3
votes

I used a slightly modified version of the wordcount example (https://github.com/apache/beam/blob/master/sdks/python/apache_beam/examples/wordcount.py), replacing the process function with the following:

  def process(self, element):
    """Returns an iterator over the words of this element.
    The element is a line of text.  If the line is blank, note that, too.
    Args:
      element: the element being processed
    Returns:
      The processed element.
    """
    import random
    import time
    n = random.randint(0, 1000)
    time.sleep(5)
    logging.getLogger().warning('PARALLEL START? ' + str(n))
    time.sleep(5)

    text_line = element.strip()
    if not text_line:
      self.empty_line_counter.inc(1)
    words = re.findall(r'[\w\']+', text_line, re.UNICODE)
    for w in words:
      self.words_counter.inc()
      self.word_lengths_counter.inc(len(w))
      self.word_lengths_dist.update(len(w))

    time.sleep(5)
    logging.getLogger().warning('PARALLEL END? ' + str(n))
    time.sleep(5)

    return words

The idea is to check that the step is being performed in parallel. The expected output would be, for instance:

PARALLEL START? 447
PARALLEL START? 994
PARALLEL END? 447
PARALLEL START? 351
PARALLEL START? 723
PARALLEL END? 994
PARALLEL END? 351
PARALLEL END? 723

However, the actual result is something like this, which indicates that the step is not running in parallel:

PARALLEL START? 447
PARALLEL END? 447
PARALLEL START? 994
PARALLEL END? 994
PARALLEL START? 351
PARALLEL END? 351
PARALLEL START? 723
PARALLEL END? 723

I've tried using the LocalRunner with direct_num_workers manually set, as well as using DataflowRunner with multiple workers, to no avail. What can be done to ensure that this step is actually run in parallel?

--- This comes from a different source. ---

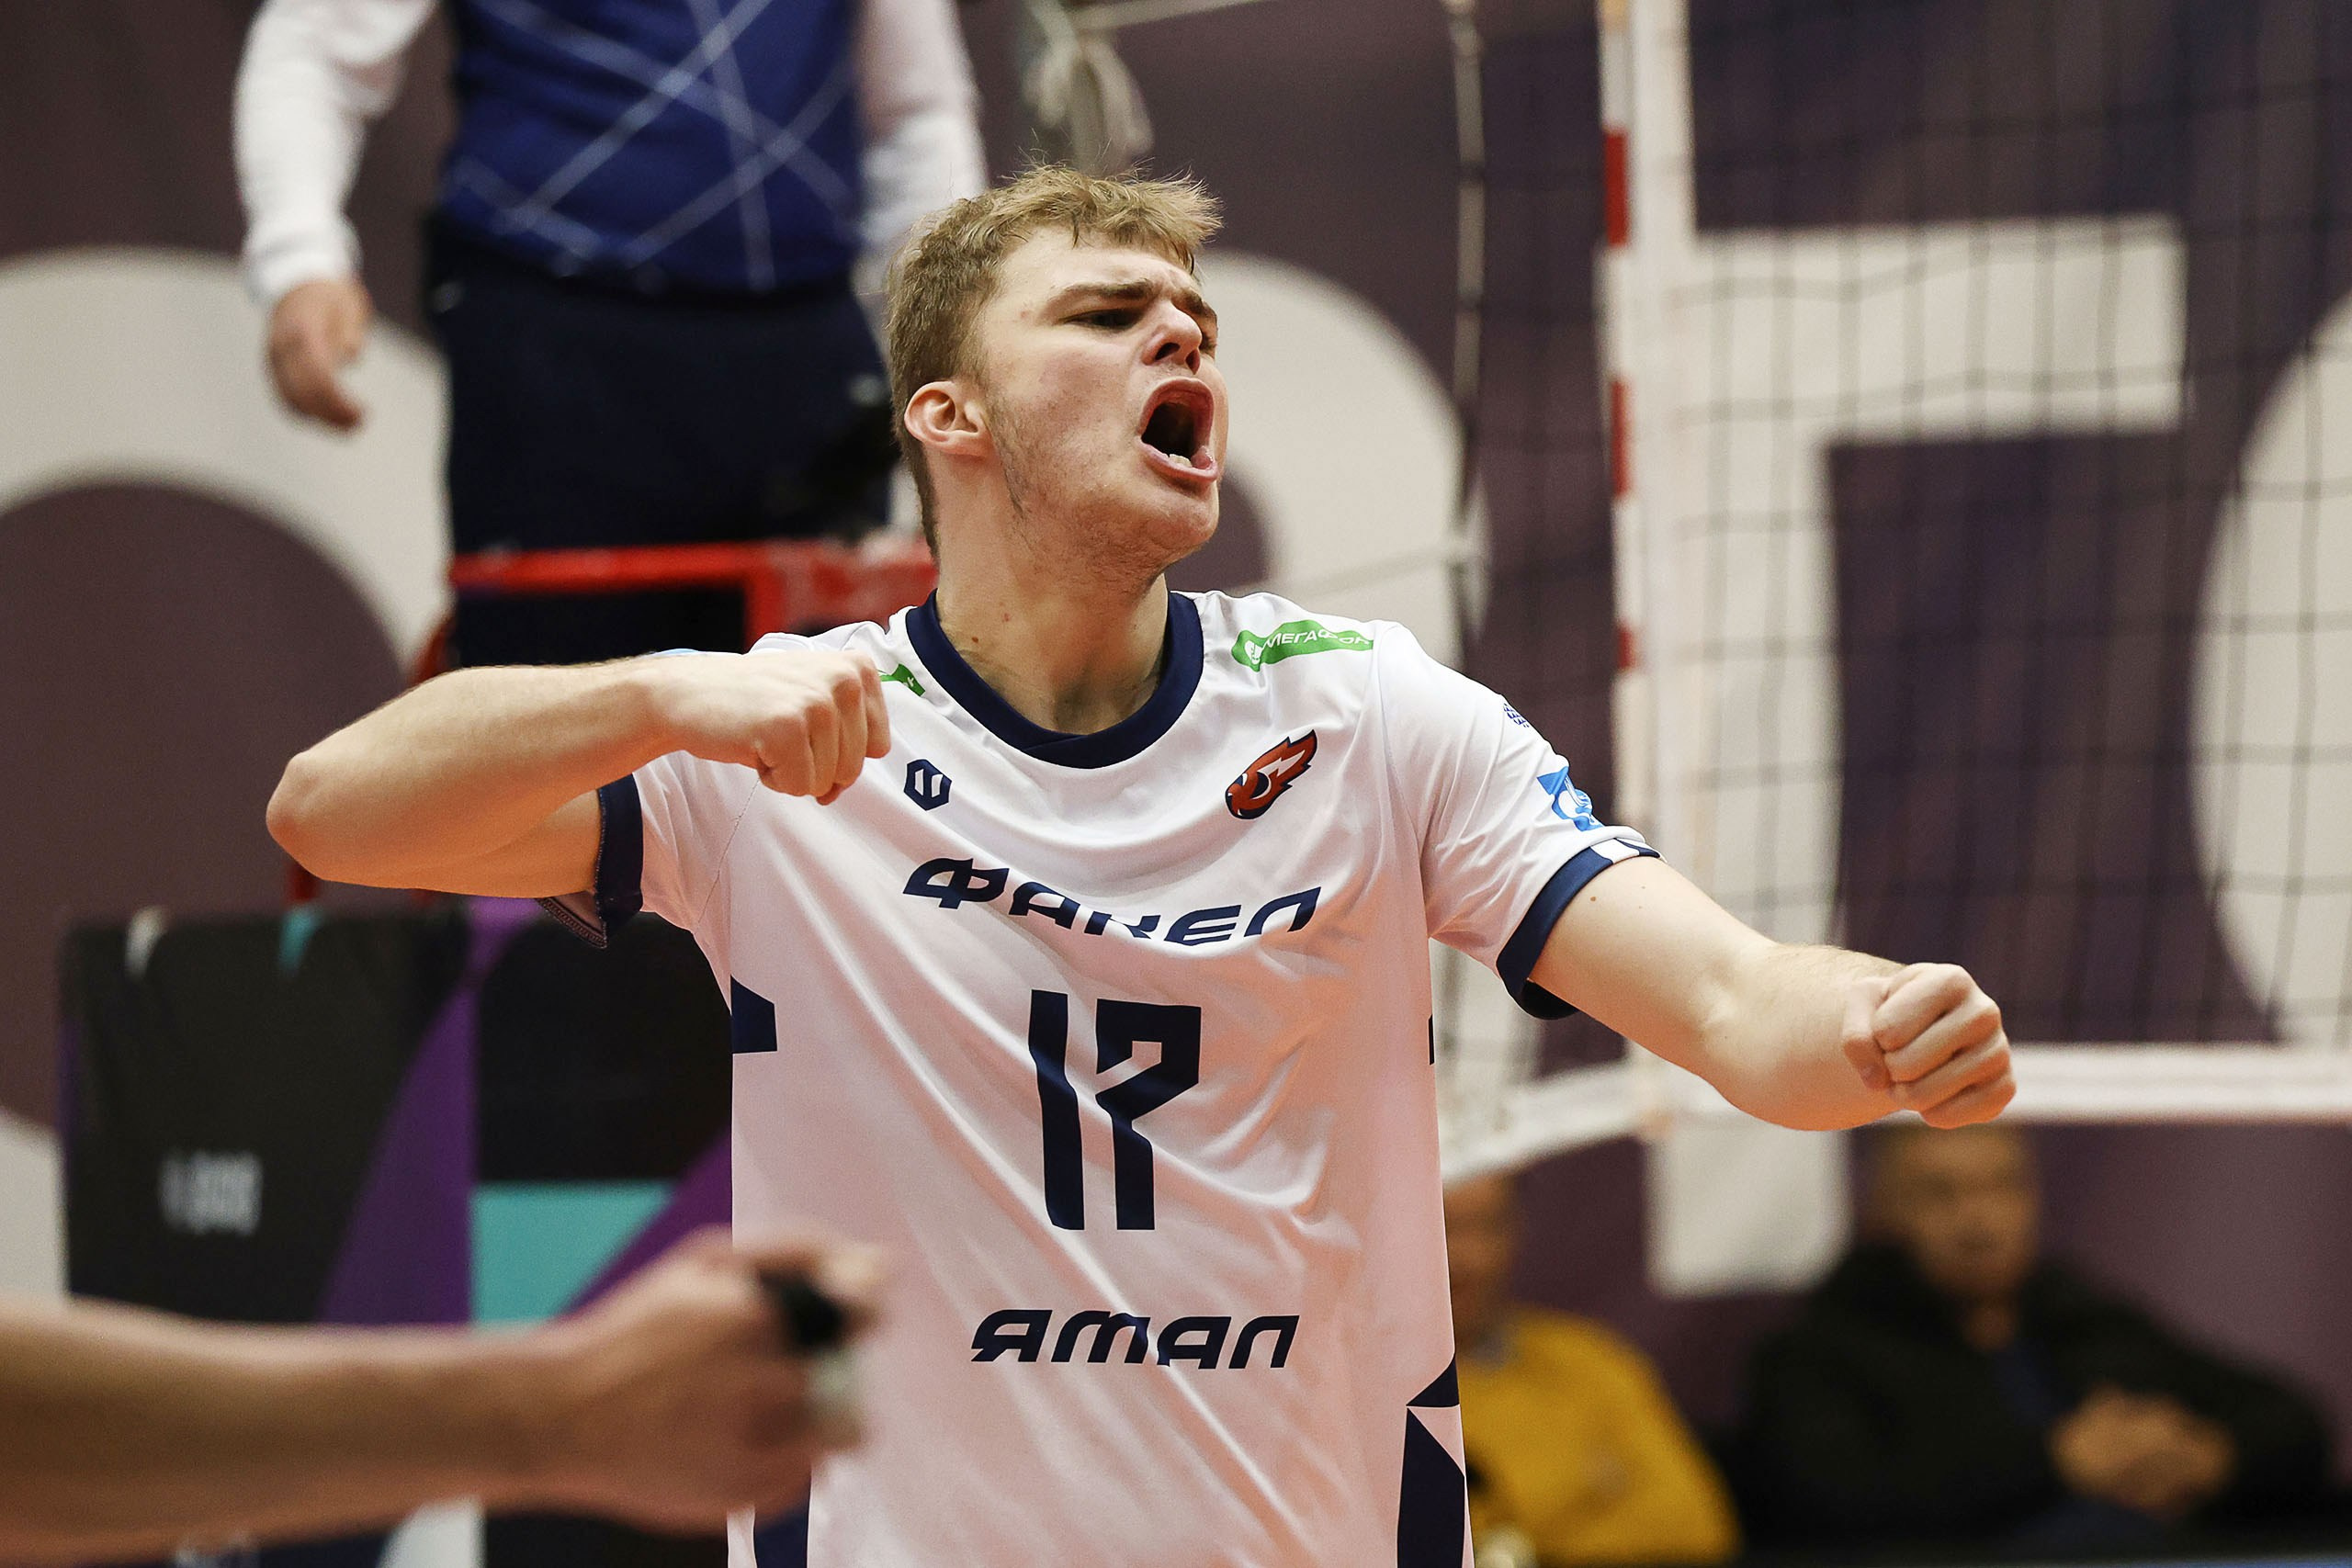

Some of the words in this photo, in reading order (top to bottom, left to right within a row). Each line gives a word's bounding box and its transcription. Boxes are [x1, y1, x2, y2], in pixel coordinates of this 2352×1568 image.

Update: the multi-processing mode found here looks promising. However, on Windows command line (python wordcount.py --region us-east1 --setup_file setup.py --input_file gs://dataflow-samples/shakespeare/kinglear.txt --output output/), I receive the following error when using it:

Exception in thread run_worker:
Traceback (most recent call last):
    File "C:\Users\User\AppData\Local\Programs\Python\Python37\lib\threading.py", line 926, in _bootstrap_inner
        self.run()
    File "C:\Users\User\AppData\Local\Programs\Python\Python37\lib\threading.py", line 870, in run
        self._target(*self._args, **self._kwargs)
    File "C:\Users\User\AppData\Local\Programs\Python\Python37\lib\site-packages\apache_beam\runners\portability\local_job_service.py", line 218, in run
        p = subprocess.Popen(self._worker_command_line, shell=True, env=env_dict)
    File "C:\Users\User\AppData\Local\Programs\Python\Python37\lib\subprocess.py", line 775, in __init__
        restore_signals, start_new_session)
    File "C:\Users\User\AppData\Local\Programs\Python\Python37\lib\subprocess.py", line 1119, in _execute_child
        args = list2cmdline(args)
    File "C:\Users\User\AppData\Local\Programs\Python\Python37\lib\subprocess.py", line 530, in list2cmdline
        needquote = (" " in arg) or ("\t" in arg) or not arg
TypeError: argument of type 'int' is not iterable
1
What input data are you using? - Pablo
I kept the default input for wordcount: storage.googleapis.com/dataflow-samples/shakespeare/… ('gs://dataflow-samples/shakespeare/kinglear.txt') - Nivaldo H
What is your Python Beam SDK version? - Nick_Kh
It was 2.19.0, and I've just updated it to 2.22.0. Thanks for the heads up. Unfortunately, the behavior is still the same. - Nivaldo H

1 Answers

1
votes

The standard Apache Beam example uses a very small data input: gs://dataflow-samples/shakespeare/kinglear.txt is only a few KBs, so it will not split the work well.

Apache Beam does work parallelization by splitting up the input data. For example, if you have many files, each file will be consumed in parallel. If you have a file that is very large, Beam is able to split that file into segments that will be consumed in parallel.

You are correct that your code should eventually show parallelism happening - but try with a (significantly) larger input.